Coming to the brief overview of our financial performance for the quarter, it gives me immense pleasure to inform you all that despite the challenges, our consolidated loan book as on March 31, 2022 stood at a record high of INR 1,233 crore, led by expansion in branch network, which helped catering to new customers in geographies along with pent-up demand from existing geographies. Our active customer base this year has crossed pre-COVID levels at over 4.6 lakh. Segmental AUM for microfinance stood at INR 1,022 crore, higher by 59% year-over-year. AUM for MSMEs stood at INR 165 crore, higher by 32%. For the two-wheeler segment, our AUM stood at INR 46 crore.
Consolidated loan disbursements during Q4 and FY 2022 stood at INR 337 crore and INR 1,023 crore, respectively, up by 23% and 101% year-over-year. The total MSME and two-wheeler disbursements in Q4 and FY 2022 were INR 58 crore and INR 183 crore, respectively, higher by 7%, 99% year-over-year. While microfinance disbursements stood at INR 279 crore for Q4 and INR 840 crore for FY 2022, higher by 22% and 101% year-over-year, respectively. This encouraging performance was as a result of our consistent endeavor to remain in close touch with our customers and provide them with timely delivery of credit.
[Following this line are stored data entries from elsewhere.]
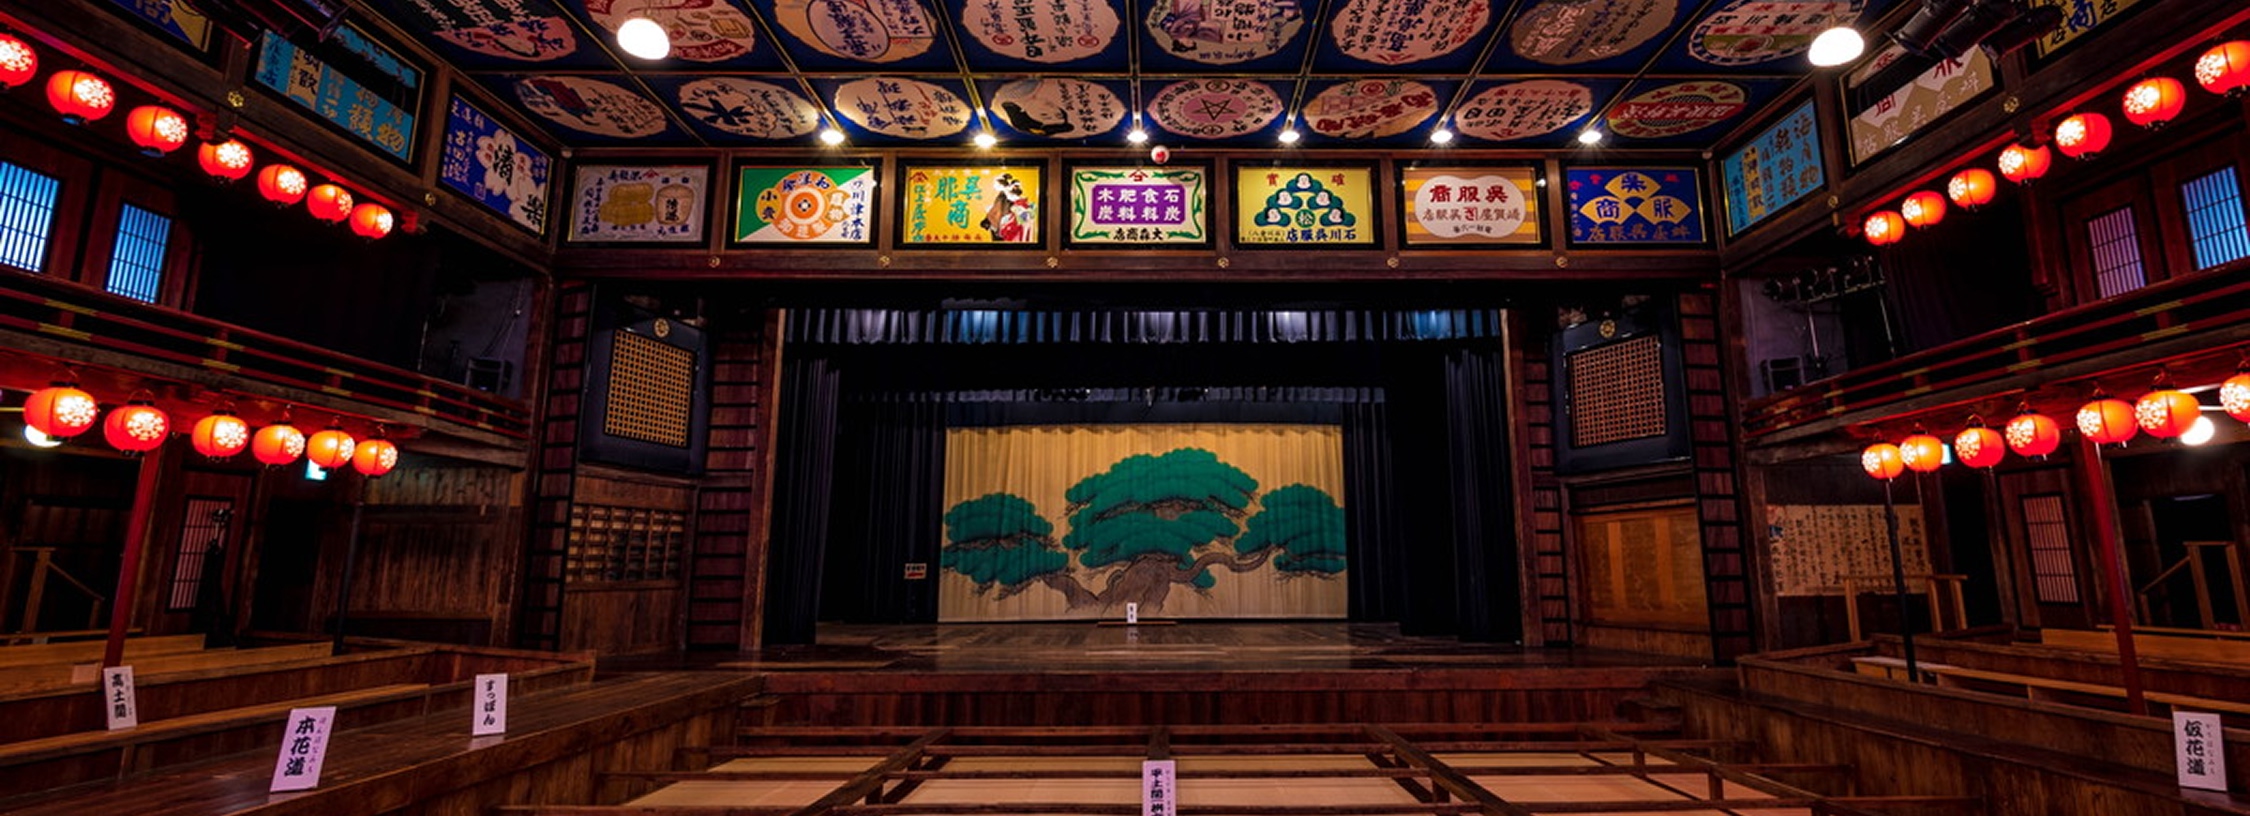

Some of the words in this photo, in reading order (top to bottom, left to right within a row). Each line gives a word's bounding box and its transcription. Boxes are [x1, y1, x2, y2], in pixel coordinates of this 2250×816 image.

[1429, 184, 1509, 203] 呉服商
[1297, 212, 1314, 226] 松
[111, 673, 127, 719] 高土間
[483, 679, 497, 726] すっぽん
[284, 715, 318, 777] 本花道
[2184, 719, 2206, 776] 仮花道
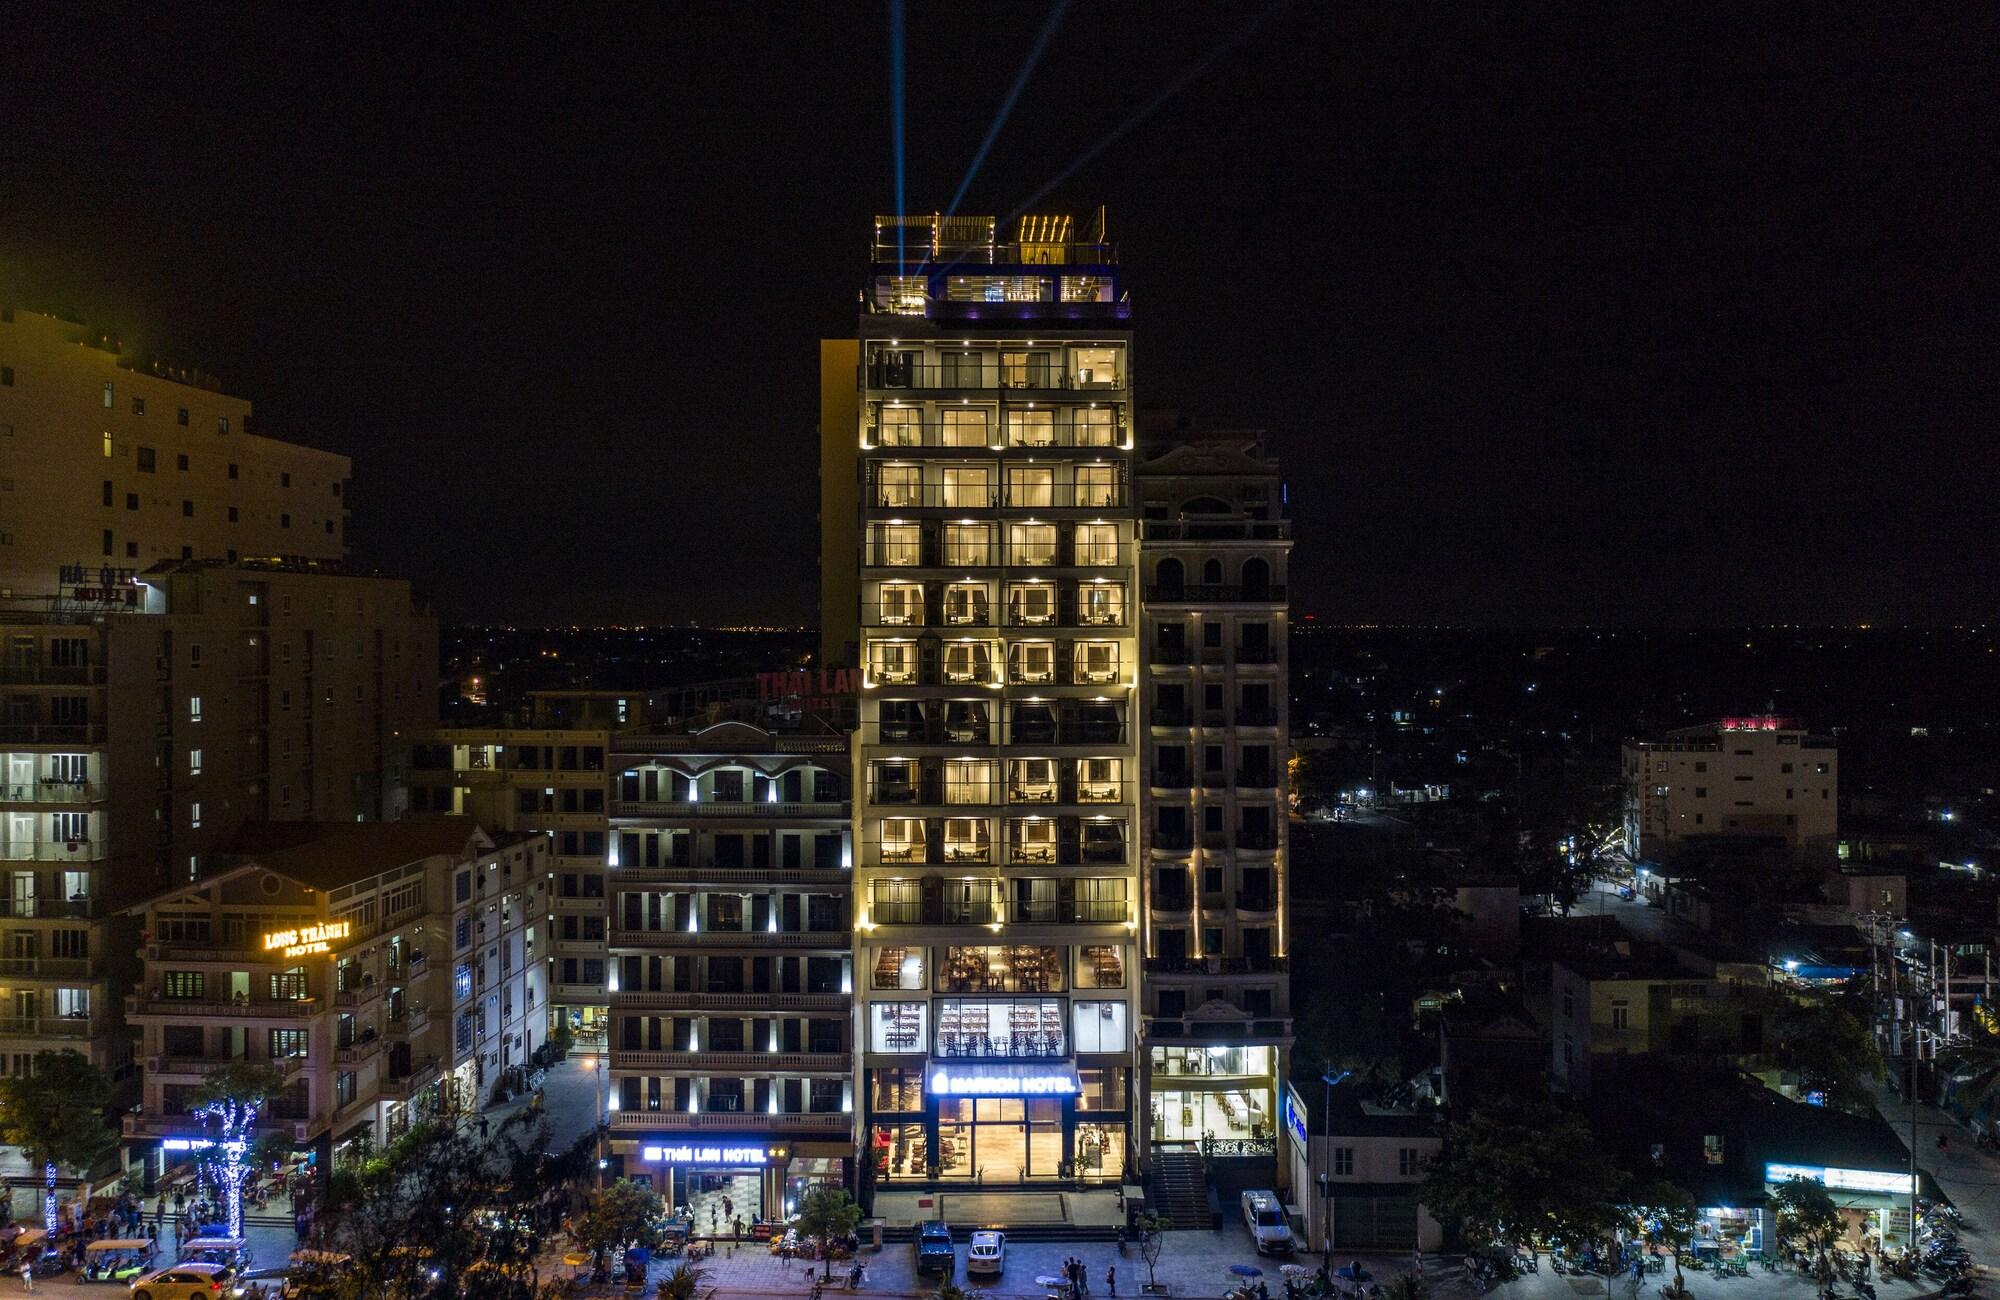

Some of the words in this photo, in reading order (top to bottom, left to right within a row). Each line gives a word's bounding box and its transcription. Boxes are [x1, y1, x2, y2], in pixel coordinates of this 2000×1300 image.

[264, 930, 298, 949] LONG
[285, 941, 331, 957] HOTEL
[1022, 1077, 1076, 1092] HOTEL
[695, 1148, 720, 1162] LAN
[723, 1148, 767, 1163] HOTEL
I would like to highlight here that while we grew our disbursements in AUM, our core focus will always remain and always lie on maintaining the quality of our assets and on enhancing profitability. Gross total income during Q4 and FY 2022 stood at INR 67 crore and INR 235 crore respectively, up by 68% and 20% year-over-year. Profit after tax stood at INR 16 crore and INR 32 crore for Q4 and FY 2022 respectively. FY 2022 PAT grew by 3x year-over-year, aided by growth in disbursements and especially lower provisioning requirements due to better asset quality of the loans dispersed post COVID-19. These are loans dispersed post August 2020. The annualized ROE for the Q4 has also crossed 30%. Consolidated GNPS stood at 4.1% and NNPS stood at 0.7% for 31st March 2022.
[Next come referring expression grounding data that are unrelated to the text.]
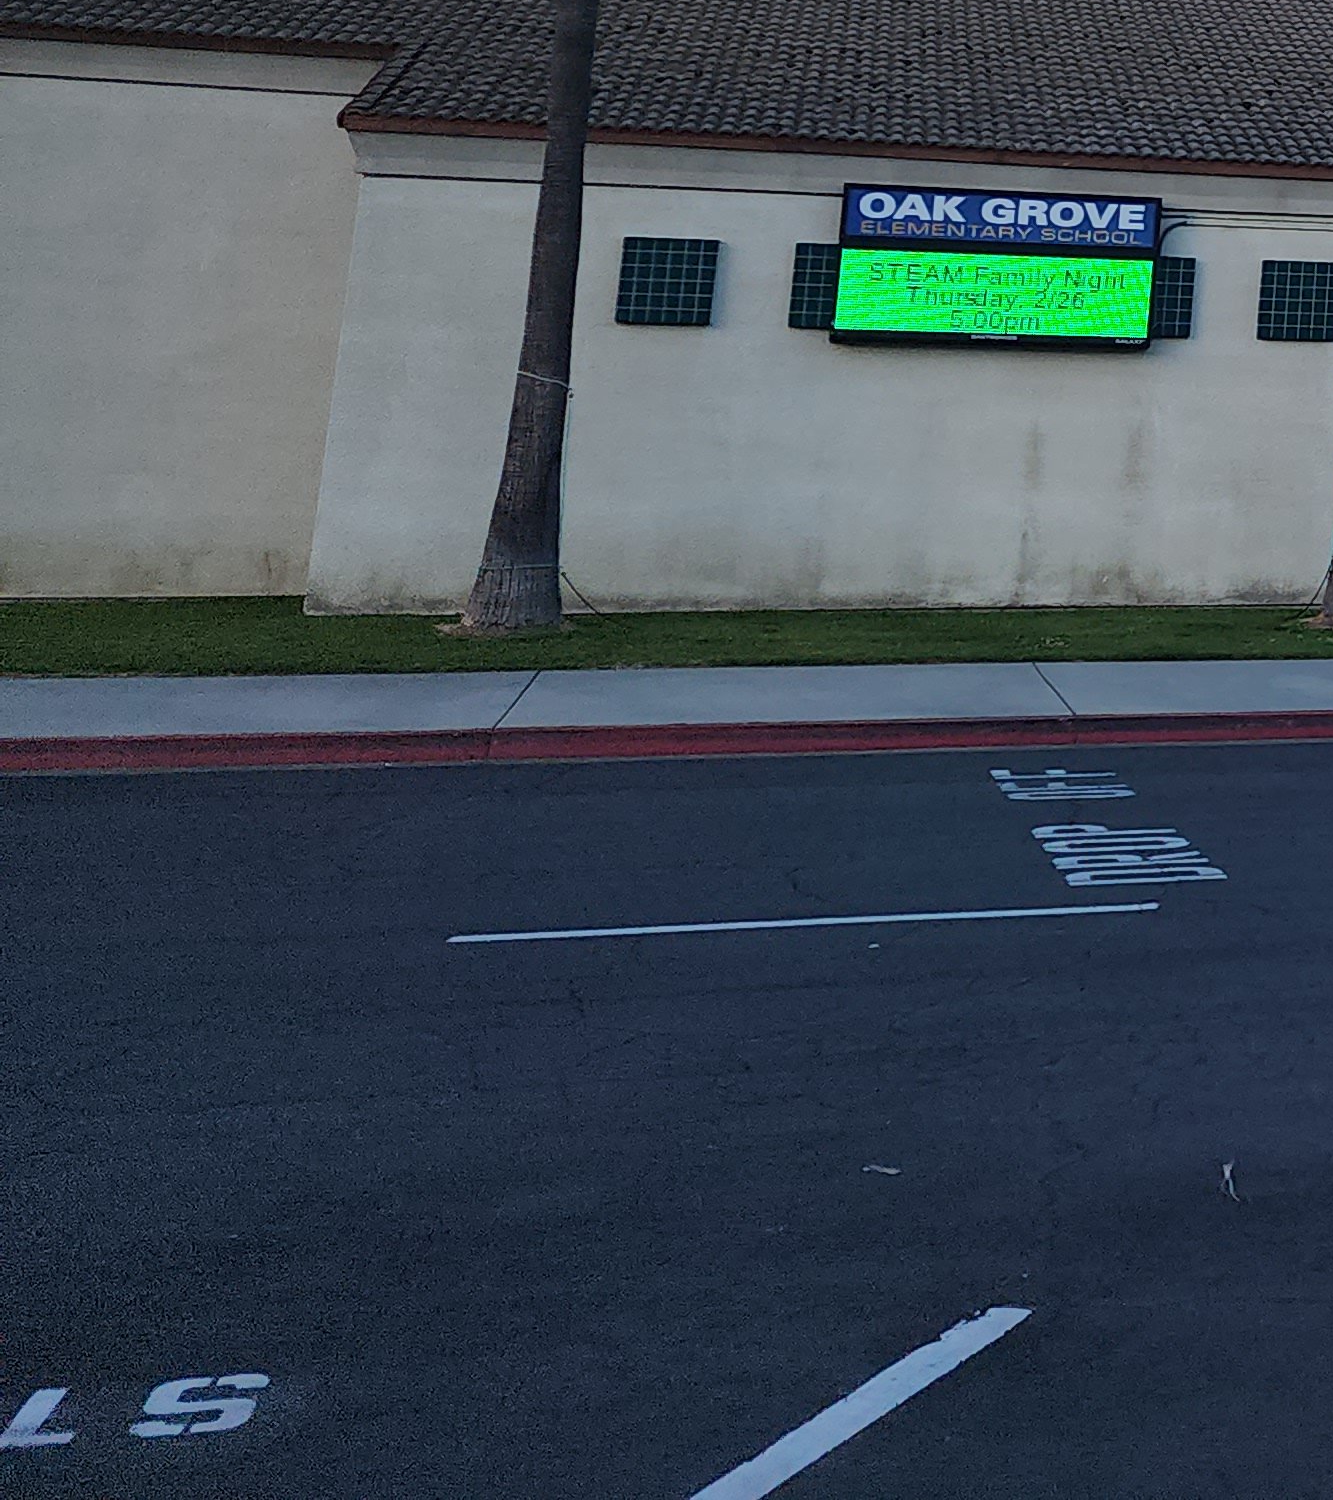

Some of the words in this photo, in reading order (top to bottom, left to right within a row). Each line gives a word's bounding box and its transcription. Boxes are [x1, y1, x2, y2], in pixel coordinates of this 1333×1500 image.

[859, 192, 967, 223] OAK
[981, 197, 1146, 230] GROVE
[860, 221, 1034, 240] ELEMENTARY
[1040, 228, 1142, 244] SCHOOL
[869, 262, 964, 285] STEAM
[975, 266, 1055, 291] Family
[1064, 269, 1126, 293] Night
[1034, 290, 1086, 309] 2/26
[990, 769, 1136, 800] OFF
[1031, 824, 1228, 887] DROP
The company has steadily created adequate provisions to take care of the unprecedented impact of the COVID pandemic. Loan impairment cost for the quarter stands at INR 10.8 crore. Cumulative total provisions and write-offs for the year was INR 37 crore as on March 31, 2022. The total provisions on the books stood at INR 65 crore as on 31 March , 2022, covering 5.73% of the total on-book AUM. The company enjoys a healthy liquidity position with INR 150 crore in cash, bank balance, liquid investments, and undrawn CC limits, aided by pickup in collections along with incremental debt capital raised.
The company has of course duly repaid all debt obligations that were due in Q4 2022 and last year, with debt equity ratio of 4.65x on 31st March 2022, and while shareholders equity stood at approximately INR 213 crore. ALM continues to remain positive and the company continues to have access to new sources of funds due to the company's robust balance sheet, long vintage and prudent lending practices. Coming to collections, our consolidated collection efficiency saw further improving trends during the quarter and grew from 92% in Q3 FY 2022 to 95% in Q4 FY 2022. Collection efficiencies for the month of April crossed more than 98%. Robust collection efficiencies were a result of passionate on-ground workforce, continuous customer interactions, and a customer-focused approach.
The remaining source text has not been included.